BoE Governor Mark Carney said last week that the economy had "edged
closer" to the time when the central bank would need to raise
interest rates.
Figures on Wednesday, for example, showed retail sales jumped by
their biggest amount since May 2004 - aided in part by a late
Easter.
"The debate is clearly shifting in favor of moving rates in the not
too distant future," said George Buckley, UK economist at Deutsche
Bank.
Sterling hit a 5-1/2 year high on a trade-weighted basis after the
BoE minutes and the retail data, and British government bond prices
fell. This caused the premium that 10-year gilts offer over German
government bonds to spike around 3 basis points to 128.8 basis
points - its highest since the third quarter of 1998.
There is increasing concern at the bank and elsewhere that British
house prices are rising too far too fast.
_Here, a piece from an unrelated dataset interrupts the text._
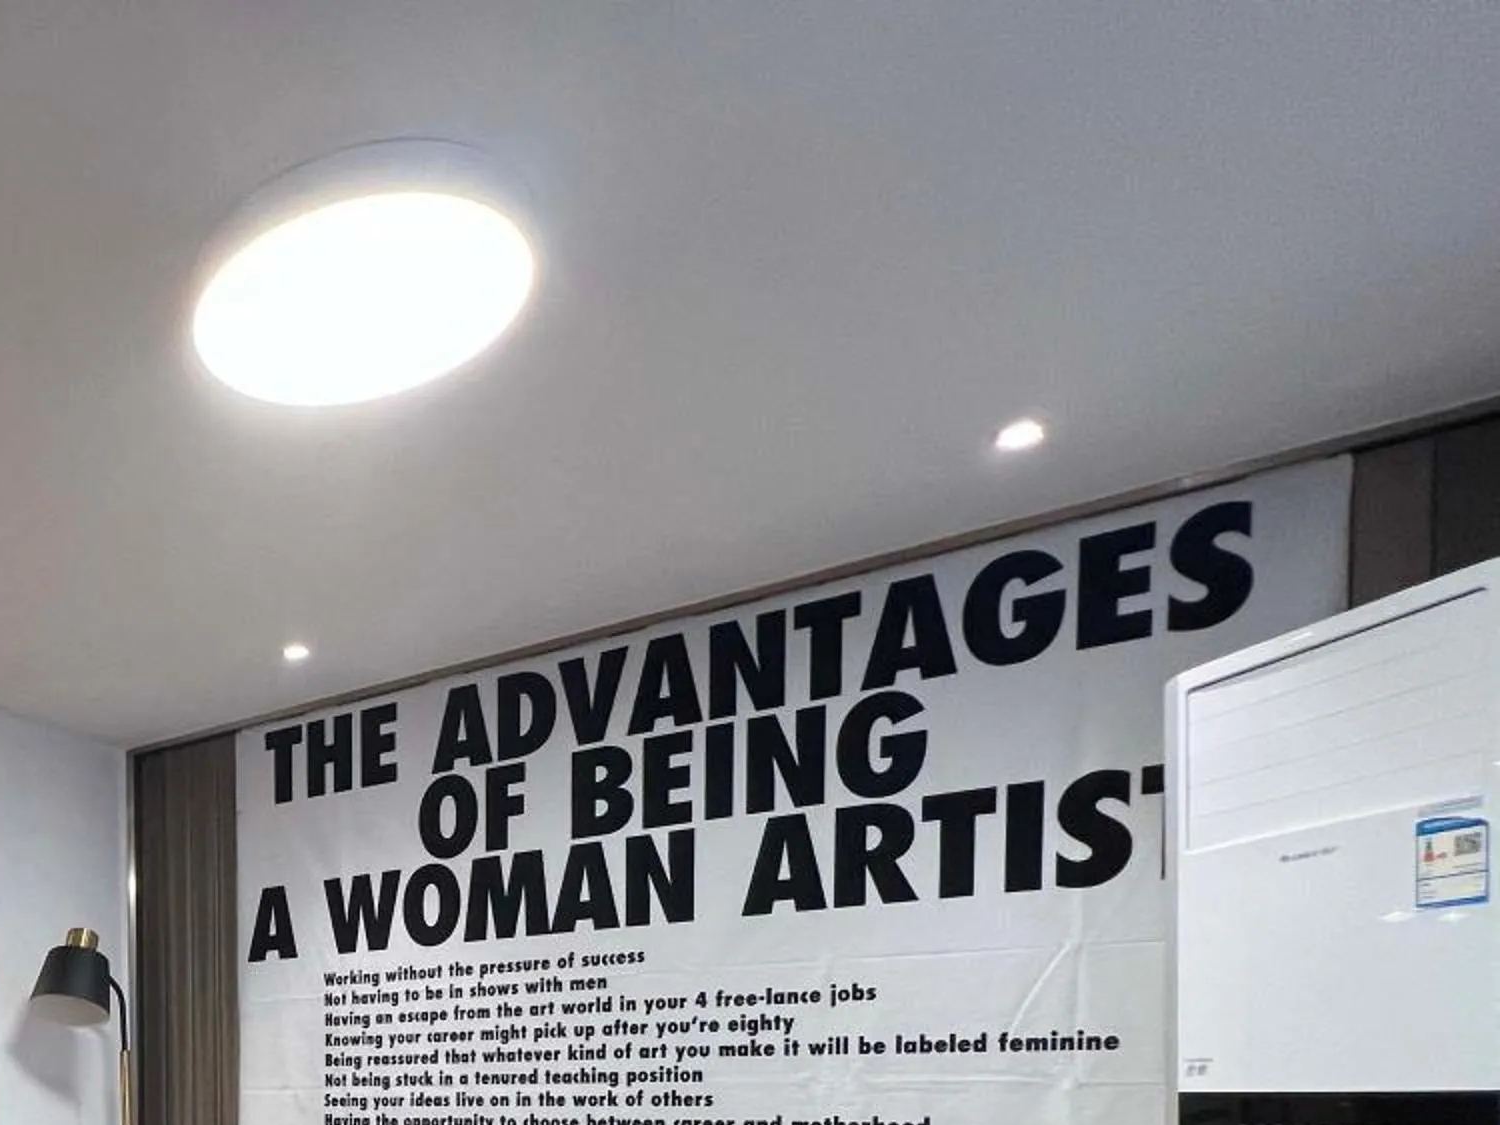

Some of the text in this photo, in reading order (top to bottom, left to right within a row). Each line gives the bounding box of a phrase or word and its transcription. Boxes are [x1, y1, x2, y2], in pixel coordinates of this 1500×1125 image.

The bank said low rates
could distort the property market.
House prices are up almost 10 percent nationally in the year to
date, and on Tuesday Lloyds Banking Group <LLOY.L> said it would
stop lending at multiples above four times a borrower's income for
mortgages of over 500,000 pounds ($842,400) in order to reduce its
exposure to London, where prices are rising fastest.
The BoE said that its Financial Policy Committee could tackle the
housing issue when it meets next month, and that the decision on
when to raise interest rates would be driven by a judgement on how
much spare capacity remained in Britain's economy, which is growing
at its fastest pace in years.
BoE forecasts last week showed that a rate rise in around a year
would be consistent with keeping inflation just below the central
bank's 2 percent target.
But some economists expect a minority of MPC members to start voting
for a rate rise soon, and Wednesday's minutes suggest this could be
on its way.
Adding to the mix, three new policymakers will join the Monetary
Policy Committee in the next three months - Andy Haldane, currently
the BoE's executive director for financial stability, former White
House adviser and U.S. academic Kristin Forbes and Nemat Shafik from
the International Monetary Fund.
The BoE reiterated that it would only raise rates gradually, and to
a level that was lower than before the financial crisis, but some
policymakers saw this as a reason to raise rates sooner rather than
later.
"It could be argued that the more gradual the intended rise in Bank
Rate, the earlier it might be necessary to start tightening policy,"
the minutes said.
On the other hand, a premature rate rise could choke off growth,
policymakers said.
They also remain divided on how much slack is in Britain's economy,
and how fast it will be eroded as growth continues, the minutes
said.
Although Britain's economy is still slightly smaller than before the
financial crisis, the BoE forecasts it will grow by 3.4 percent this
year, which would be its fastest rate of growth since 2007.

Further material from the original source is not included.